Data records

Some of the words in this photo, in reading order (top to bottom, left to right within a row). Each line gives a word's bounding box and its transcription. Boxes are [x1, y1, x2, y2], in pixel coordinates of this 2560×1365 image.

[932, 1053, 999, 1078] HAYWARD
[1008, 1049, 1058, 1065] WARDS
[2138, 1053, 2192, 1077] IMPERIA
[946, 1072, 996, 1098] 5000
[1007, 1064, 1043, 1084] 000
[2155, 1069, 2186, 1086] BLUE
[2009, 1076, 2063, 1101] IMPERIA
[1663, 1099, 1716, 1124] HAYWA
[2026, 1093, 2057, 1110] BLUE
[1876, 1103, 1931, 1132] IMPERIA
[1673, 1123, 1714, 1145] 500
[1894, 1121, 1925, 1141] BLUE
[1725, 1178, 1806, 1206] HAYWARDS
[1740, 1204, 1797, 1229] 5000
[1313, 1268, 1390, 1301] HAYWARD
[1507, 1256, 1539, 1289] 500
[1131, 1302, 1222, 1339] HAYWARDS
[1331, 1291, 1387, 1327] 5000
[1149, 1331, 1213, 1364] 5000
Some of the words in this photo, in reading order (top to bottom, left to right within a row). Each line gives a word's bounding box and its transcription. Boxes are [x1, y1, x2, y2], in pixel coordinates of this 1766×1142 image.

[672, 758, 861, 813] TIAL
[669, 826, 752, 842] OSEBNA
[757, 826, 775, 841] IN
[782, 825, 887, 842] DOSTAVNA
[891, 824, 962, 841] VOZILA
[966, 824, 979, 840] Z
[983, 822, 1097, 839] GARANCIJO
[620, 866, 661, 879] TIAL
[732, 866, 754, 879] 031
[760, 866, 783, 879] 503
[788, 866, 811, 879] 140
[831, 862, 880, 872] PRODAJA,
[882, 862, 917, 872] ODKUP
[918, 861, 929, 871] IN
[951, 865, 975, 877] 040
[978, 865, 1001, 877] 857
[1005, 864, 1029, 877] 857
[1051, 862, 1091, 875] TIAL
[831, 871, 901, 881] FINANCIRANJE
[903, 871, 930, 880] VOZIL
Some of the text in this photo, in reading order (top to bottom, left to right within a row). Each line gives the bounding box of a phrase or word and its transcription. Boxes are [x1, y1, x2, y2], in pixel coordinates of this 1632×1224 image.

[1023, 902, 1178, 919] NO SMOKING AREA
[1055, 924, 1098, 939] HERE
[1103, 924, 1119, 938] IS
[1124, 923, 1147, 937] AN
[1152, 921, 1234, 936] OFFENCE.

Task statement
The answer must consist of all the entries, copied exactly.

Your solution
Some of the words in this photo, in reading order (top to bottom, left to right within a row). Each line gives a word's bounding box and its transcription. Boxes are [x1, y1, x2, y2], in pixel coordinates of this 2560×1365 image.

[932, 1053, 999, 1078] HAYWARD
[1008, 1049, 1058, 1065] WARDS
[2138, 1053, 2192, 1077] IMPERIA
[946, 1072, 996, 1098] 5000
[1007, 1064, 1043, 1084] 000
[2155, 1069, 2186, 1086] BLUE
[2009, 1076, 2063, 1101] IMPERIA
[1663, 1099, 1716, 1124] HAYWA
[2026, 1093, 2057, 1110] BLUE
[1876, 1103, 1931, 1132] IMPERIA
[1673, 1123, 1714, 1145] 500
[1894, 1121, 1925, 1141] BLUE
[1725, 1178, 1806, 1206] HAYWARDS
[1740, 1204, 1797, 1229] 5000
[1313, 1268, 1390, 1301] HAYWARD
[1507, 1256, 1539, 1289] 500
[1131, 1302, 1222, 1339] HAYWARDS
[1331, 1291, 1387, 1327] 5000
[1149, 1331, 1213, 1364] 5000
Some of the words in this photo, in reading order (top to bottom, left to right within a row). Each line gives a word's bounding box and its transcription. Boxes are [x1, y1, x2, y2], in pixel coordinates of this 1766×1142 image.

[672, 758, 861, 813] TIAL
[669, 826, 752, 842] OSEBNA
[757, 826, 775, 841] IN
[782, 825, 887, 842] DOSTAVNA
[891, 824, 962, 841] VOZILA
[966, 824, 979, 840] Z
[983, 822, 1097, 839] GARANCIJO
[620, 866, 661, 879] TIAL
[732, 866, 754, 879] 031
[760, 866, 783, 879] 503
[788, 866, 811, 879] 140
[831, 862, 880, 872] PRODAJA,
[882, 862, 917, 872] ODKUP
[918, 861, 929, 871] IN
[951, 865, 975, 877] 040
[978, 865, 1001, 877] 857
[1005, 864, 1029, 877] 857
[1051, 862, 1091, 875] TIAL
[831, 871, 901, 881] FINANCIRANJE
[903, 871, 930, 880] VOZIL
Some of the text in this photo, in reading order (top to bottom, left to right within a row). Each line gives the bounding box of a phrase or word and its transcription. Boxes are [x1, y1, x2, y2], in pixel coordinates of this 1632×1224 image.

[1023, 902, 1178, 919] NO SMOKING AREA
[1055, 924, 1098, 939] HERE
[1103, 924, 1119, 938] IS
[1124, 923, 1147, 937] AN
[1152, 921, 1234, 936] OFFENCE.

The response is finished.